Records drawn from a dataset:
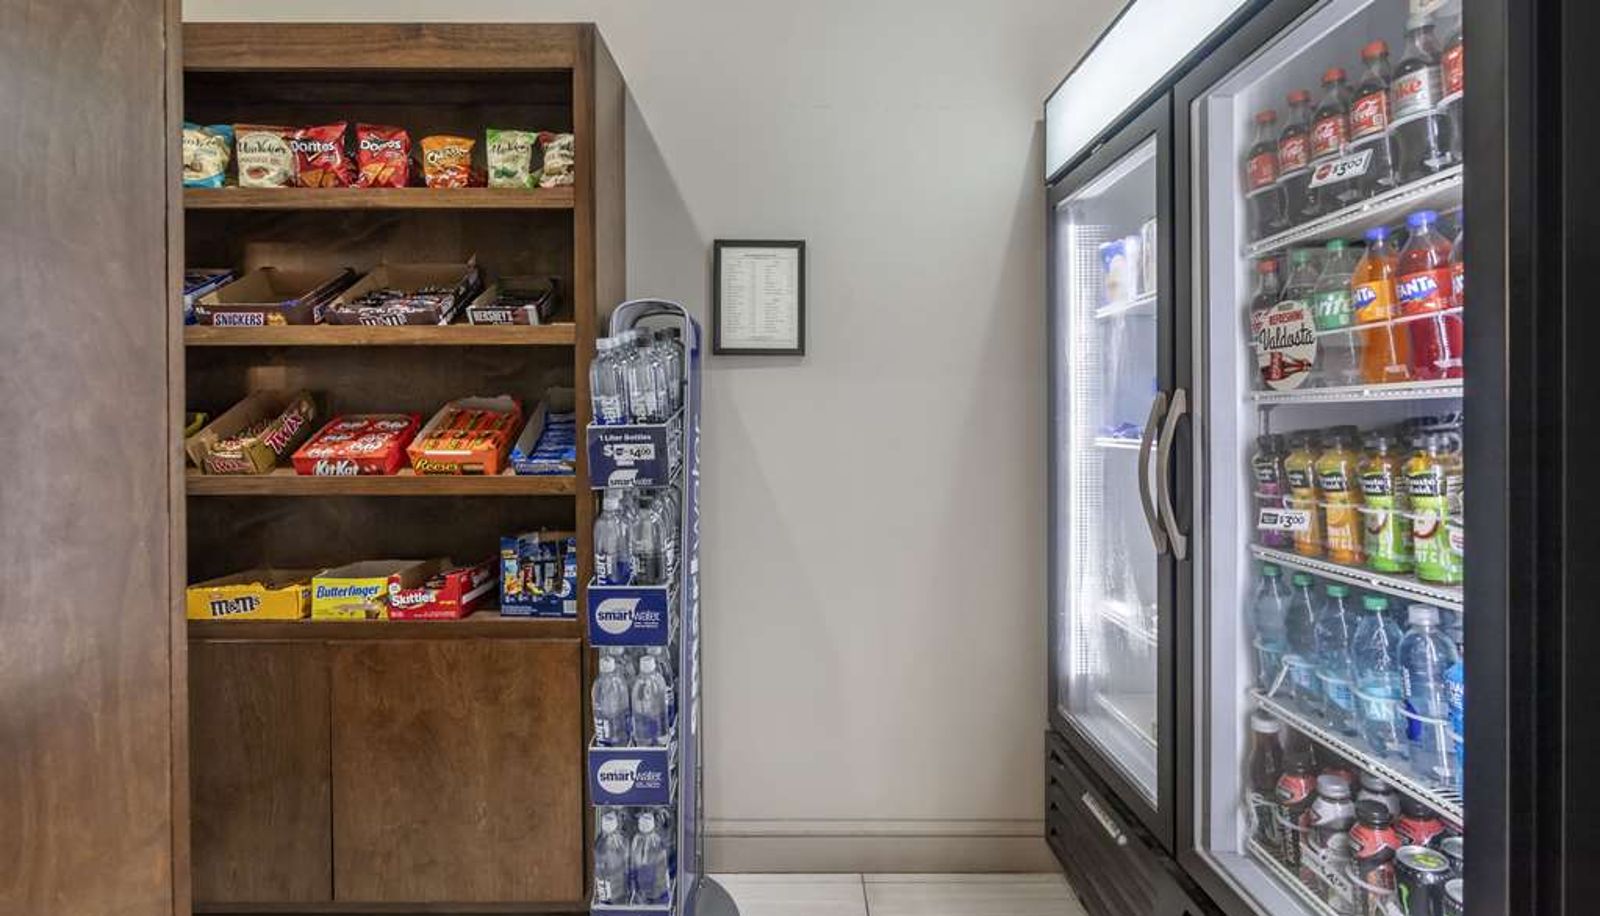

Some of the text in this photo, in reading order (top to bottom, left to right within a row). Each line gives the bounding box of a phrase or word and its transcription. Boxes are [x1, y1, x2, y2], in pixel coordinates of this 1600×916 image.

[215, 314, 262, 326] SNICKERS
[1260, 322, 1315, 350] Valdosta
[316, 585, 380, 599] Butterfinger
[391, 592, 437, 608] Skittles

**ASSIGNED TASK**
Your answer must be the full set of entries, set down exactly and without pictures.

**RESULT OF THE EXERCISE**
Some of the text in this photo, in reading order (top to bottom, left to right within a row). Each line gives the bounding box of a phrase or word and its transcription. Boxes are [x1, y1, x2, y2], in pixel coordinates of this 1600×916 image.

[215, 314, 262, 326] SNICKERS
[1260, 322, 1315, 350] Valdosta
[316, 585, 380, 599] Butterfinger
[391, 592, 437, 608] Skittles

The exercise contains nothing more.